This is a book called “Dream Voyages: The fastest, the ultimate, the legendary Concorde, Queen Elizabeth 2, Venice Simplon-Orient-Express written by GARY BUCHANAN, who if you search on the internet is described as travel and QE2 expert. On Amazon.co.uk, they describe the book (published in 1989 by Jersey Artists Ltd.) as follows: “A first-hand account reflecting on present day travel aboard three luxury travel experiences. Since 1976, the author has taken 117 Concorde flights, 17 QE2 voyages - mostly lecturing on board, and 47 international Venice Simplon Orient journeys. The book includes chronologies.” 

The nice thing about this book (and another of his that I also have that will review separately) is that his style is very visual. The book is led by loads of photos, which he then adds light but clearly very knowledgeable and well researched. He is, in my view, very good at drawing you in with a good visual impression of the 3 travel “icons” (The QE2, Concorde and the Orient Express), and just enough text to ensure you get a good enough understanding. His passion and excitement comes through as he adds in touches like copies of menus and photos of the food too! You get the feeling that he is just as excited about his subject as those approaching them for the 1st time. 

This book also covers the 3 icons that I want to make sure I do. As of writing this I have done Concorde, in less than 3 weeks will have done QE2 and so that leaves the Orient Express (which interestingly we did not book to go on our first taster cruise that got us hooked and led to us getting sold on the idea!)



Review to follow once read it!



"Queen Elizabeth 2, A magnificent millennium" is part of what appears to be a series called "Ocean Liners Past and Present Collection: Ships", and has a "Cunard 1" on the top left corner. The book is written by Gary C Buchanan and was published in January 1996 by Past & Present Publishing.

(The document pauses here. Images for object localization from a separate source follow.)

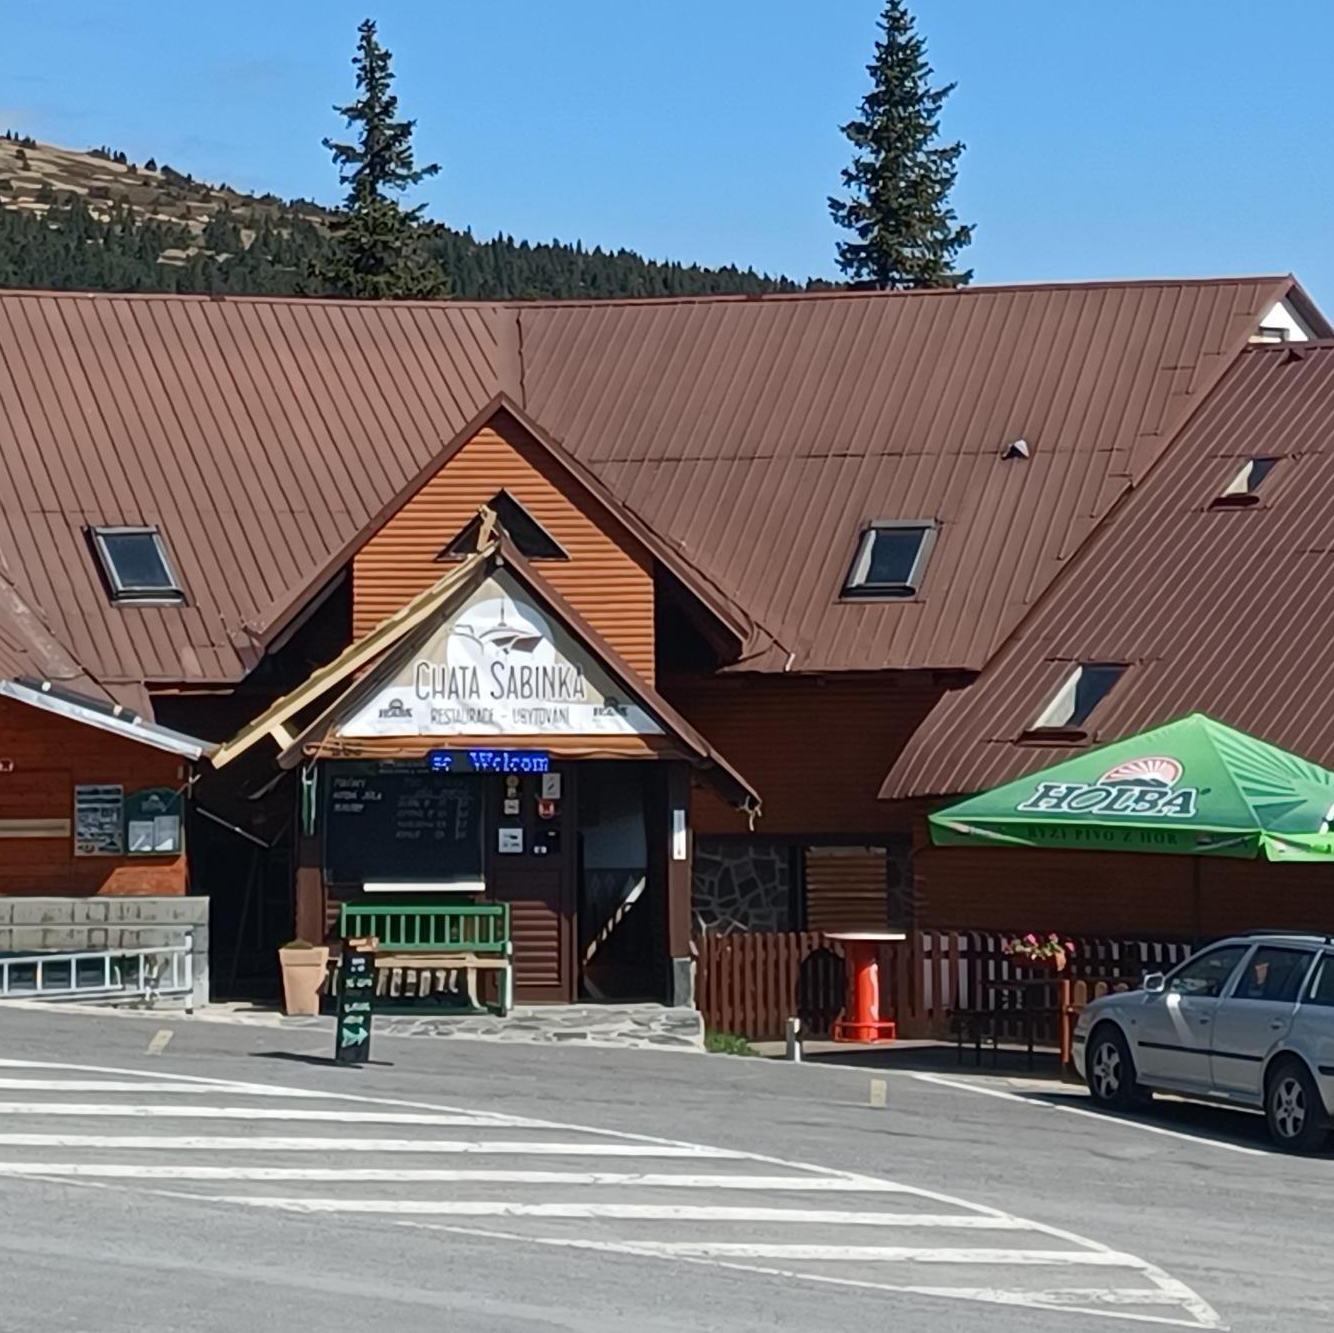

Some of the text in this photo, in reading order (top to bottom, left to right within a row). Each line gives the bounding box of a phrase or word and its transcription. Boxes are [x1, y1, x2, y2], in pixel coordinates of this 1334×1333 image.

[415, 661, 585, 700] CHATA SABINKA
[1017, 782, 1198, 816] HOLBA
[1075, 829, 1115, 842] PIVO
[1123, 831, 1133, 843] Z
[1140, 832, 1178, 844] HOR

It is a great book, although of course it is now dated as it covers the QE2 up to just post the 1994 refit. But what he has done (again like his "Dream Voyages") has used a mostly visual driven approach to drive the narrative, but was really works and is so interesting in this book is that in most cases he shows you what the room or area looked like in 1969 or close to it and then how it changed and was finally in 1994. This makes for a very interesting read, and also it is fascinating to see how tastes and fashion changed and how the QE2 evolved based on the changing needs of the traveller.

This was a really good "read" - as it is mostly looking and reading commentary on the pictures. Perfect for dipping in and out of. It would be really great to get a version updating it through to 2004/ 2005..

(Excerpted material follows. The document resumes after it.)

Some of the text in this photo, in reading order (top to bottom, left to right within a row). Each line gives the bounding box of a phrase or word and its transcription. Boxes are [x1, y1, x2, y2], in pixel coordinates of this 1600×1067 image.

" The Essential Little Cruise Book: Secrets from a Cruise Director for a Perfect Vacation" by Jim West.

It retails at the time of writing for around £4.95 on Amazon.co.uk

Overall I though the book was a waste of my money.

From the title you are led to expect the most amazing and insightful tips and ideas. The ones that will be like little bits of gold nuggets for 1st time cruisers, or even the most experienced. However, what you get are some fairly general and fairly basic common sense lists that are as applicable to personal safety and any trip. It reads more like the "lists of" things you get in magazines that are space fillers and "fluff".

I think the problem lies in the fact that he is trying to serve too wide a target audience and so ends up probably not satisfying anyone. If you are looking for some light reading that will take a few minutes then this book is for you. If you are looking for real help and guidance on how to go about getting the most about cruising, then this book is not for you.


"Berlitz: Ocean Cruising & Cruise Ships 2004" by Douglas Ward.

One word: Fantastic!

This book was recommended to us when we were on the Aurora in August by all of our table companions. All of them! We had started talking about another cruise ship that had been alongside us when we were at anchor outside Guernsey. We had tried to work out what cruise line it was from but couldn't, and mentioned it at dinner. We then also got into a discussion about how the QE2 compared size wise to the QM2 and Aurora. They all said get the book.

So I did. This 688 page book is written by Douglas Ward who spends up to 200+ days a year at sea, and has done for many years. The book has a number of general sections with tips and advice and then the bulk of the book is a review of what seems pretty much every single cruise ship out there. They are rated and there is a line drawing of each.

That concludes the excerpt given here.